隣にいる竜は、不思議そうに夏男を見やる。


「いやな、俺ピックを学校に忘れちまったんだよ」


「ああ、そりゃあ、戻った方がいいな」


竜は、「もう俺高校出たから、酒もたばこも関係ねえよ」と言った具合でセブンスターを口に銜えて、太鼓の達人に興じている。


「ちょっと行ってくるわ」


「ああ……」


夏男は、ゲームセンターを出て学校へと足を進める。



  誰も居ない教室――


(ここに戻ってくるのは、ほんの数日ぶりなのだが、何故か、何年振りかのように感じるんだよなあ……)

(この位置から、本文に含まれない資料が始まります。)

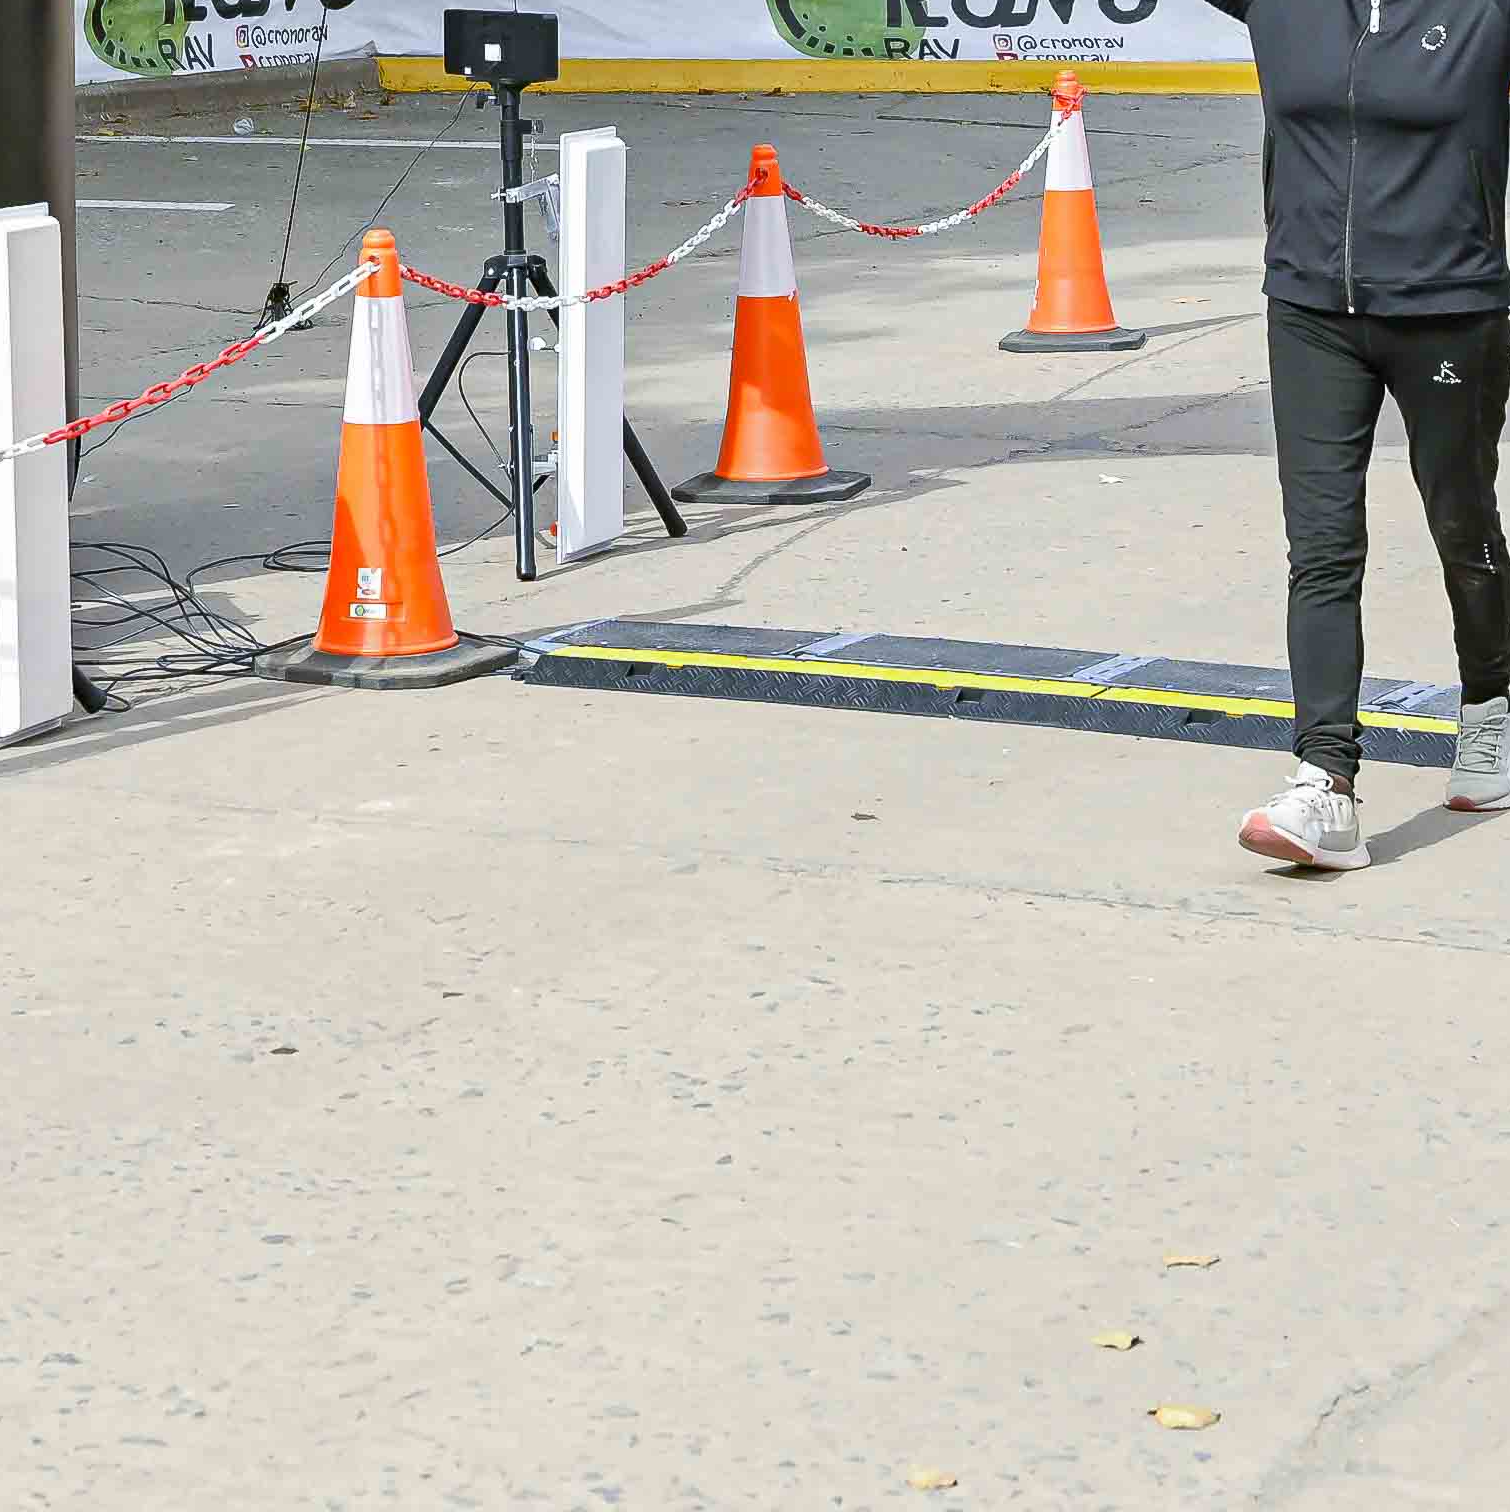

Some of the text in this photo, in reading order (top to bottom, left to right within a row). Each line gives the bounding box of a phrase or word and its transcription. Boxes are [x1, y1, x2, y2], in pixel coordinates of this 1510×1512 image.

[159, 33, 215, 71] RAV
[885, 35, 1124, 60] RAV @cronorav

くだらない事で馬鹿騒ぎした日々はもう帰っては来ない、目の前にあるのは、社会の荒波だけである。


(大学に通う事が出来た俺にとって見たら幸せなことかもしれない、他の連中は大半が就職組だ……)


夏男は溜息を付き、自分の机に足を進める。


「ん?」


ふと、夏男は何かに気が付いたかのようにして黒板を見やる。


『私とあんた、お互いの夢をかなえた時にまた会いましょう――春子――』


黒板にはそう書かれている。


(春子、俺は絶対、ロックでトップになるからな……!)


まだ寒い3月だと言うのに、夏男の体は熱がこもり始めた。



   飛行機の中、春子は親と共に乗り、ただ外の光景を見ている。


(これでしばらく日本とはおさらばかあ……)


『俺お前の事が好きだったんだ』


『俺と付き合ってくれ』――


春子の脳裏に浮かぶのは、夏男との事。


似合わないのに煙草を吸い、全身黒だとかダメージジーンズと似合わないファッションをして春子と街を闊歩していた事。


卒業式でのライブ、普段よりも100倍かっこいい夏男がいた。


――だが、自分とはもう付き合えないだろう。


春子は、瞼を閉じる。


耳に着けてるイヤフォンからは、夏男の歌声が聞こえている。